The United Nations Children’s Fund (UNICEF) has said it received reports that at least nine children and three teachers were killed as 10 schools and kindergartens came under attack in Idlib on Tuesday.
As the front lines grow closer, many are pushing north toward the border with Turkey. But that has been closed to Syrian refugees since 2015.
Turkish President Recep Tayyip Erdogan has demanded that forces loyal to Syrian President Bashar al-Assad pull back to previously agreed positions by the end of the month.
Erdogan has threatened that his forces will intervene unless they do so.In recent weeks, Ankara has beefed up its presence in the region sending hundreds of military vehicles and troops into Idlib province, according to The Associated Press.
Erdogan’s primary objective in Idlib is to ensure that there is not another large flow of Syrian refugees across the border, analysts have told NBC News. The country is already struggling with the3.6 million Syrian refugees it currently hosts.
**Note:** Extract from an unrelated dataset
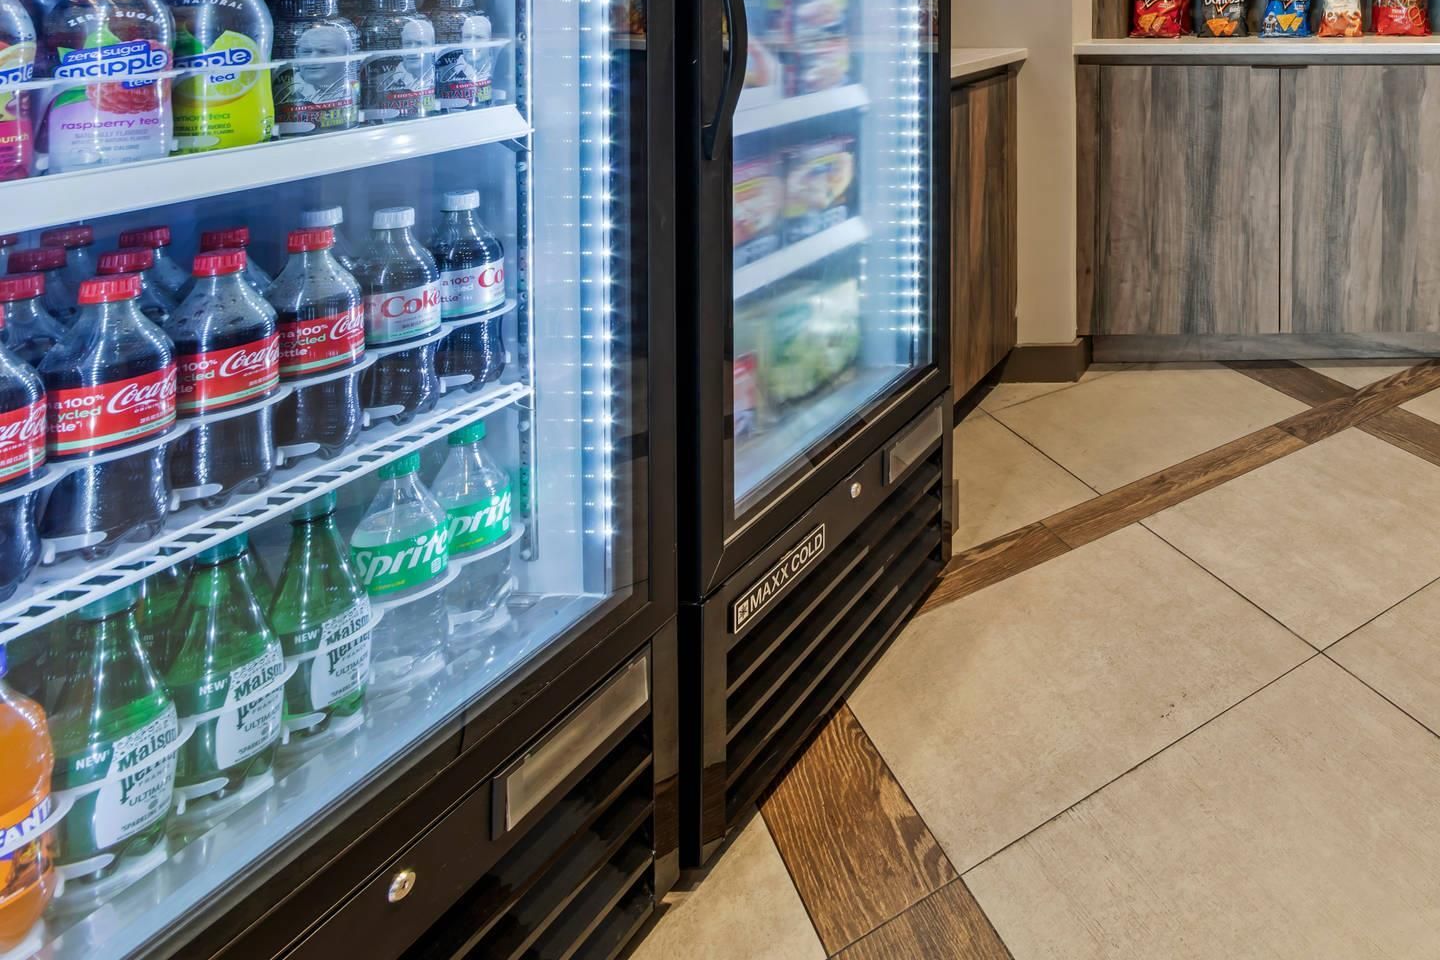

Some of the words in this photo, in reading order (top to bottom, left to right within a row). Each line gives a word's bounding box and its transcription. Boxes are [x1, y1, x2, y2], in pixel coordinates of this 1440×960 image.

“I do not know what will happen to us if the Syrian army takes over the border,” said al-Hussain, who has lost three sons in nearly nine years of war and has been left to care for four of her grandchildren.
She added that she would not live under the rule of Assad.”He killed my children and destroyed Syria,” she said. “I’d rather die.
“After months of heavy bombardment, resentment toward the Syrian leader runs deep in Idlib — a region roughly the size of Delaware.
Once famous for its olive groves, the province was home to some 3 million people before the latest wave of violence.
Now, those trees are being used for shelter and an estimated 2.8 million people in northwest Syria require humanitarian assistance, according to U.N. Secretary-General António Guterres.
Al-Hussain, who was wearing a dark head scarf printed with a cascade of white flowers, spoke to NBC News in a camp on the road north to Turkey.
“We became a number,” she said earlier this month. “Now we are tent No. 6.”Even having a tent makes al-Hussain and her grandchildren luckier than some.
According to the latest U.N. estimates, there are currently more than 4 million civilians in northwest Syria — more than half of whom have been forced to flee several times. Some 80 percent of the newly displaced are women and children and numerous elderly people are also at risk.
Many have been forced to seek shelter in other people’s homes, abandoned buildings or even under Idlib’s famous olive trees.